**Your task:**
Your output must consist of the records printed verbatim, with the pictures excluded.

Data to use: Begin

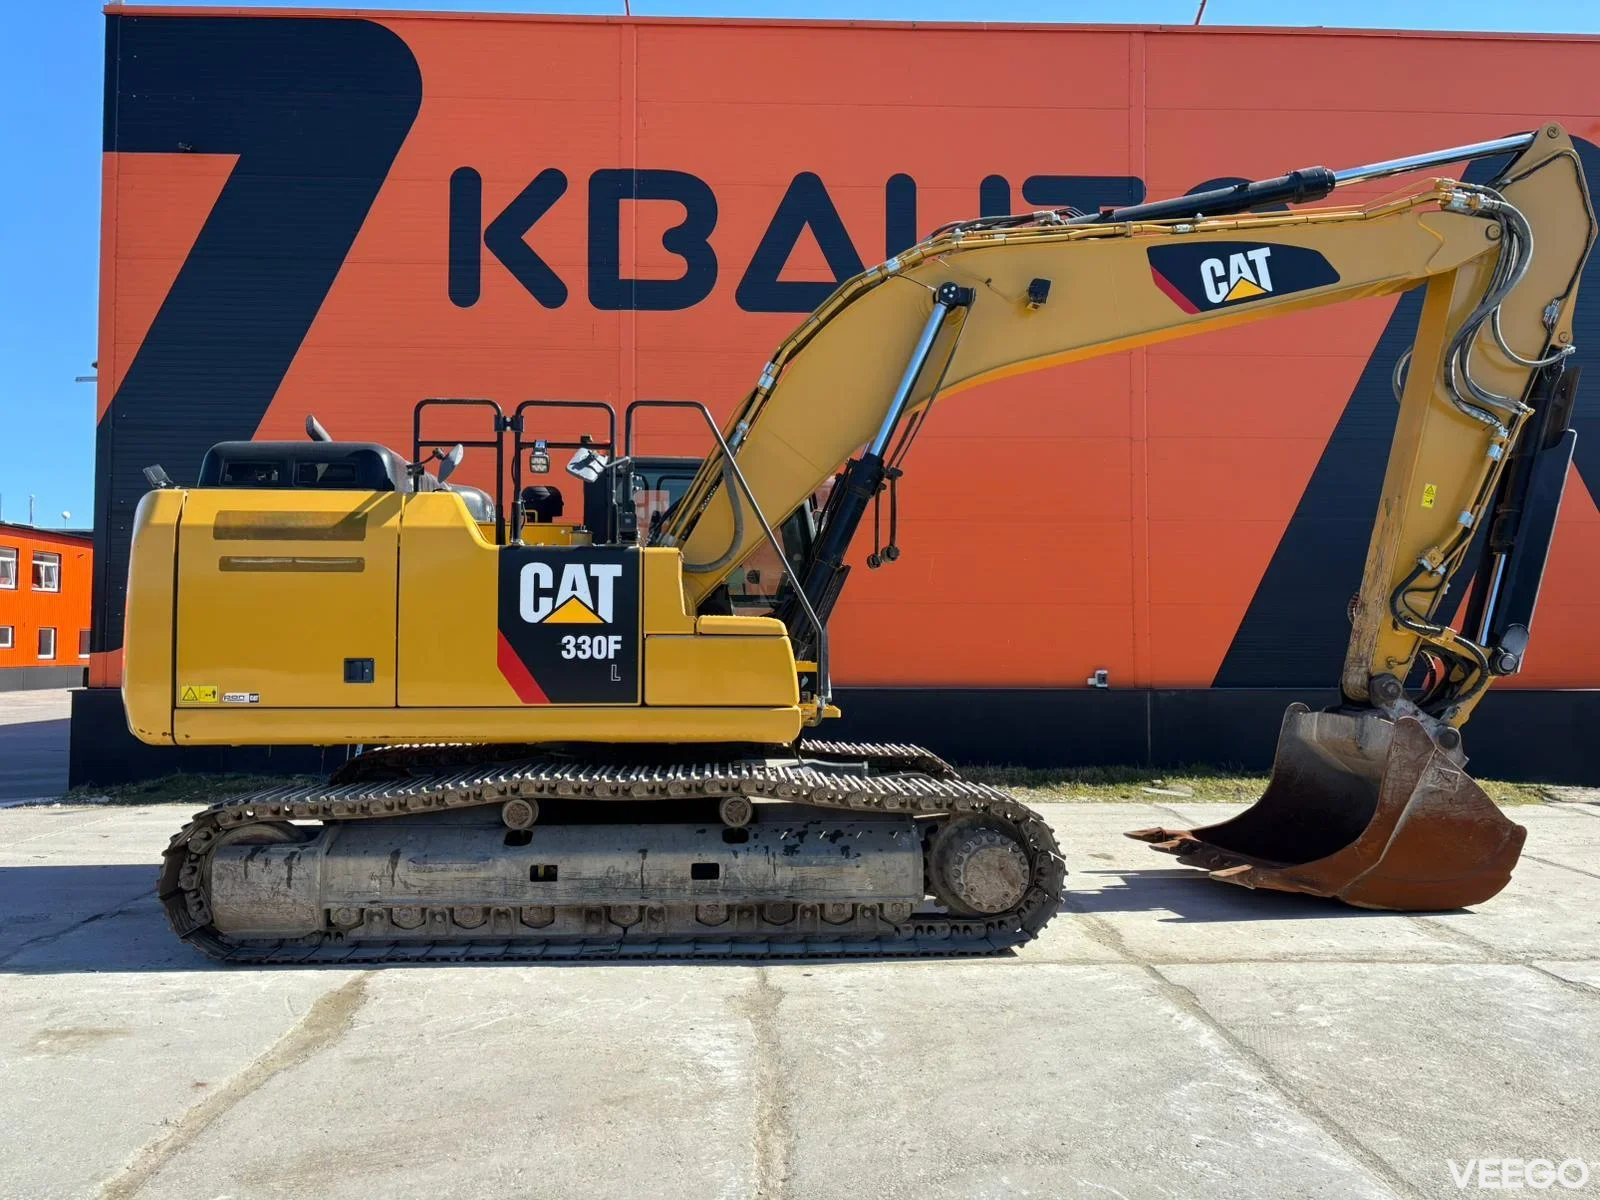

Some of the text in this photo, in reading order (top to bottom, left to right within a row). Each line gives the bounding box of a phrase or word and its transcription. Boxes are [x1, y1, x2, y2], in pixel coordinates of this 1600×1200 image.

[449, 166, 1291, 313] KBAT
[1200, 247, 1273, 304] CAT
[519, 562, 623, 624] CAT
[561, 635, 622, 660] 330F
[610, 664, 621, 682] L
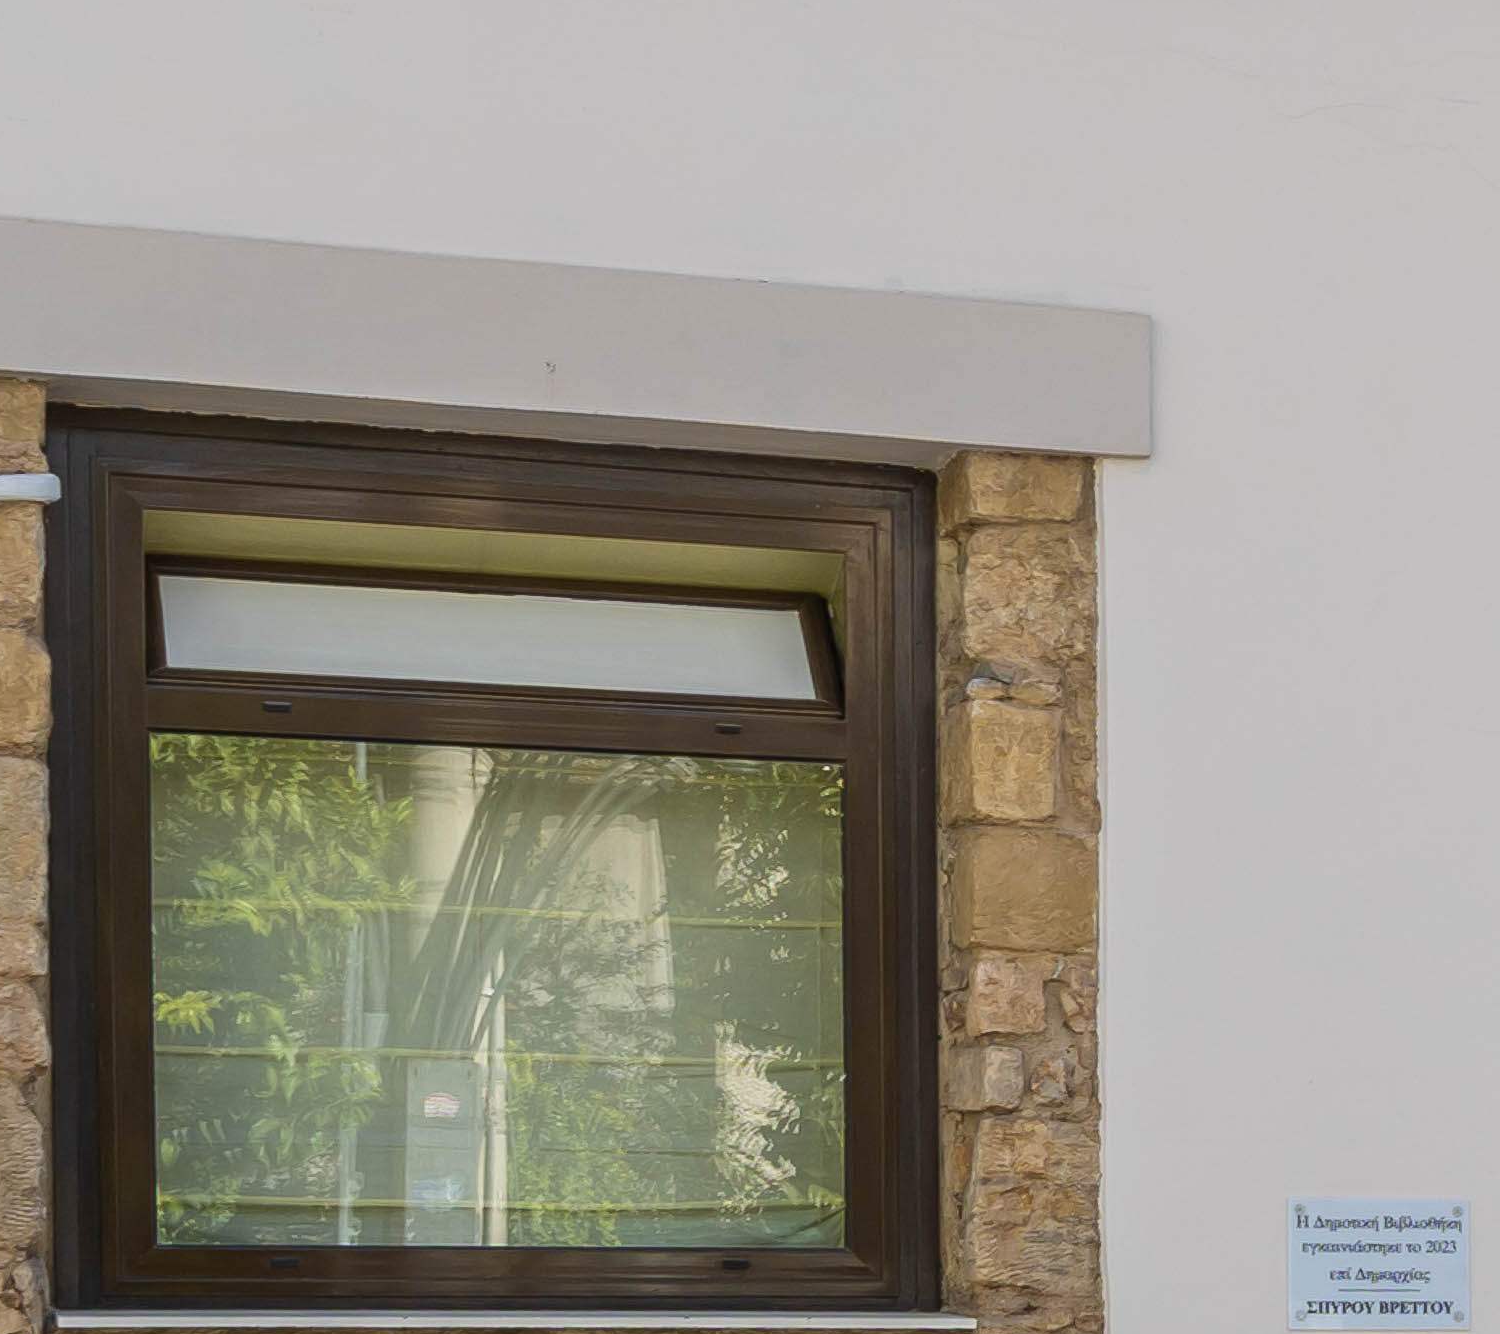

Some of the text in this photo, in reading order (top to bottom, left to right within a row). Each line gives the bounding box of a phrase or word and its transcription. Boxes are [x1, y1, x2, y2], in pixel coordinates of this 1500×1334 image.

Data to use: End

**Exercise answer:**
Some of the text in this photo, in reading order (top to bottom, left to right within a row). Each line gives the bounding box of a phrase or word and its transcription. Boxes are [x1, y1, x2, y2], in pixel coordinates of this 1600×1200 image.

[449, 166, 1291, 313] KBAT
[1200, 247, 1273, 304] CAT
[519, 562, 623, 624] CAT
[561, 635, 622, 660] 330F
[610, 664, 621, 682] L

Some of the text in this photo, in reading order (top to bottom, left to right within a row). Each line gives the bounding box of a phrase or word and its transcription. Boxes are [x1, y1, x2, y2], in pixel coordinates of this 1500×1334 image.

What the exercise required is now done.